The fusion of multispectral (MS) and hyperspectral (HS) data has been limited by the availability of space systems that have the capacity to host both imagers simultaneously. High-performing single instrumentation across a large wavelength range is both difficult from an engineering perspective as well as expensive. However, in recent years, external payload platforms on the International Space Station (ISS), such as Bartolomeo and Multi-User System for Earth Sensing (MUSES), have surfaced and created more possibilities for MS/HS data fusion to produce high resolution in both spectral and spatial domains.

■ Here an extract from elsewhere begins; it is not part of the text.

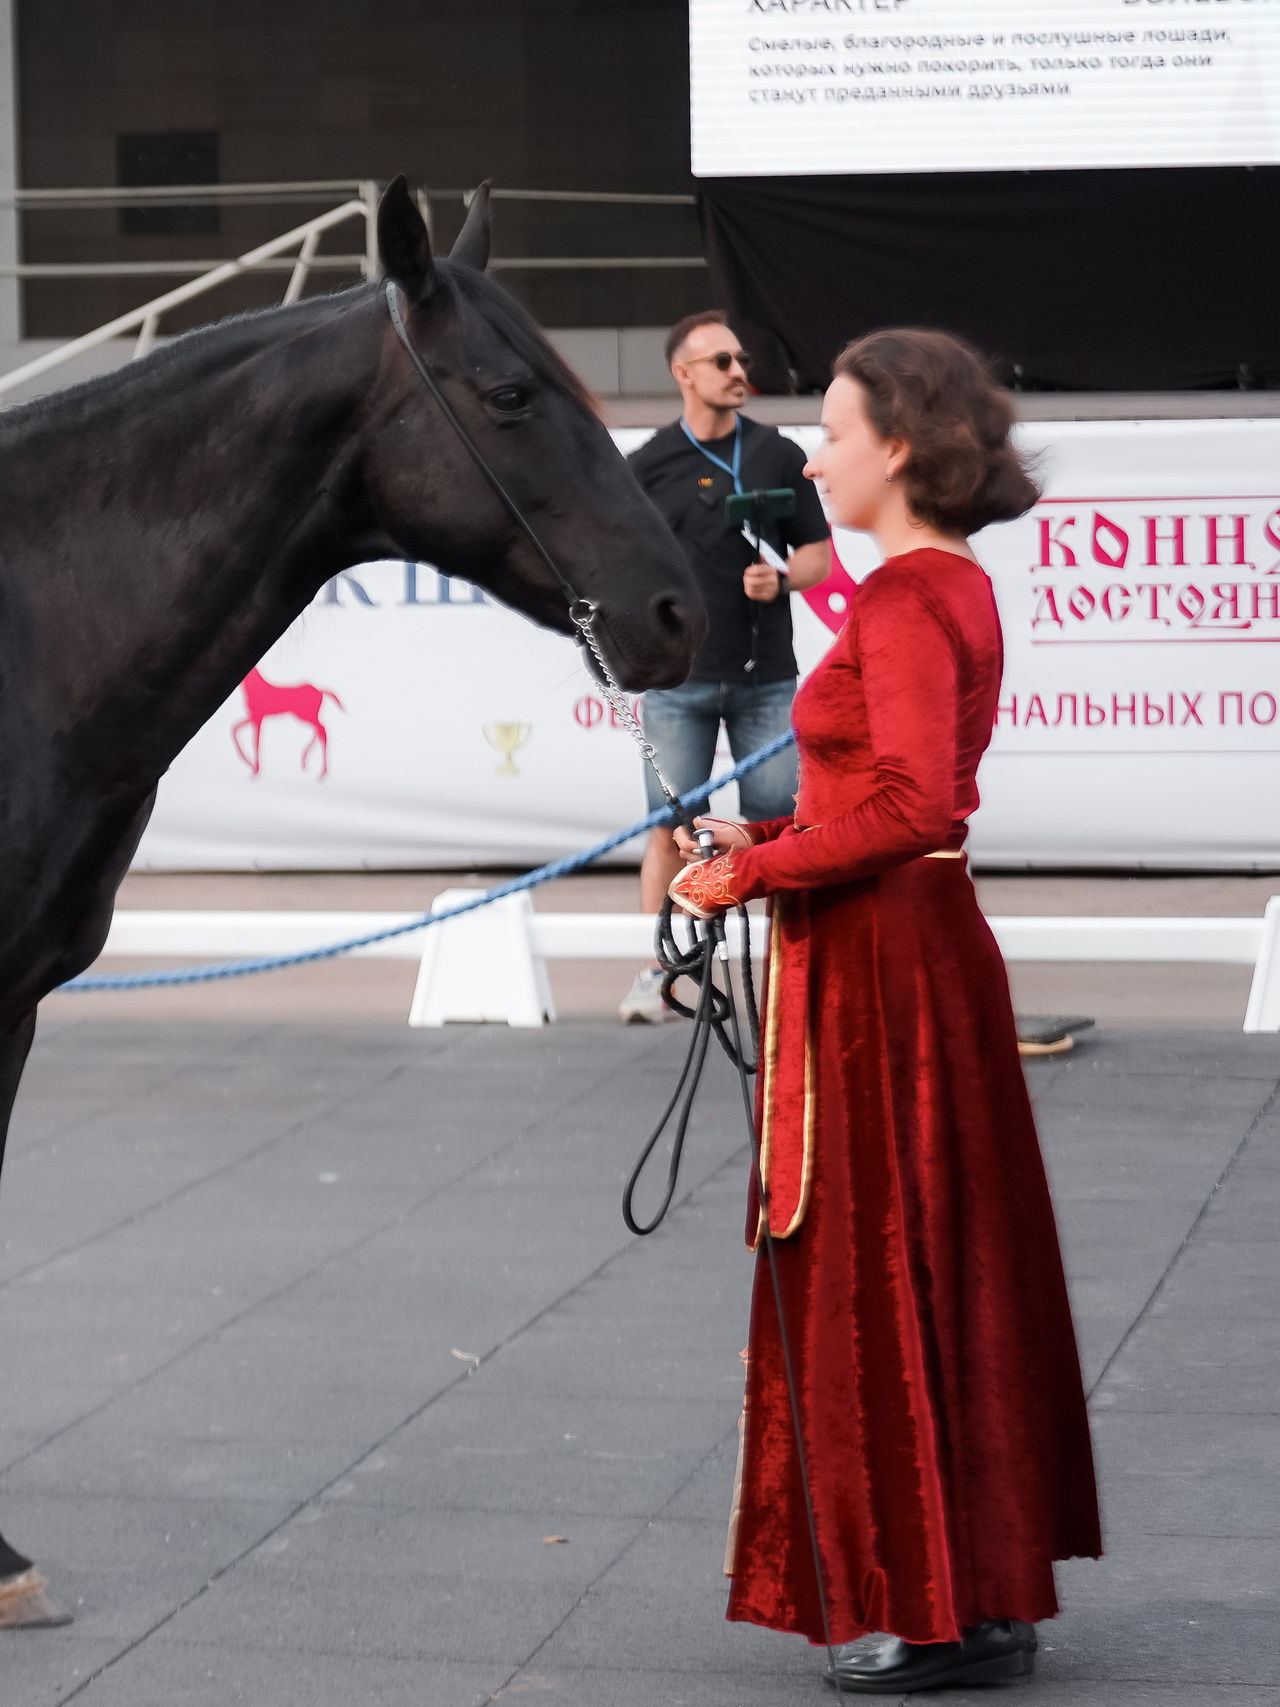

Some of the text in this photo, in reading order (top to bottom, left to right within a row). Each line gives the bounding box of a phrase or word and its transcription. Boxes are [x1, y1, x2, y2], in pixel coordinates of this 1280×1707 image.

We present a proof-of-concept and breadboard for a low-cost MS imager that optimally complements a HS imager. Design characteristics of the MS imager prototype include the ability to produce high-spatial resolution images (~2.5m Ground Sample Distance), robust communications allowing seamless integration into the ISS downlink system, data fusion algorithms and methods, on-board computational processing, and ground mission control. A cost-benefit-risk analysis of the MS imager design will provide insight into ideal MS/HS joint operation.
As demonstrated by K. Perlmutter et al., a low-cost MS imager adds value to a hyperspectral data stream, thereby increasing the relevance of Earth Observation applications for public policy-makers and humanitarian organizations, a central goal of the John Glenn Humanitarian Observatory program in The Ohio State University Battelle Center for Science, Engineering, and Public Policy.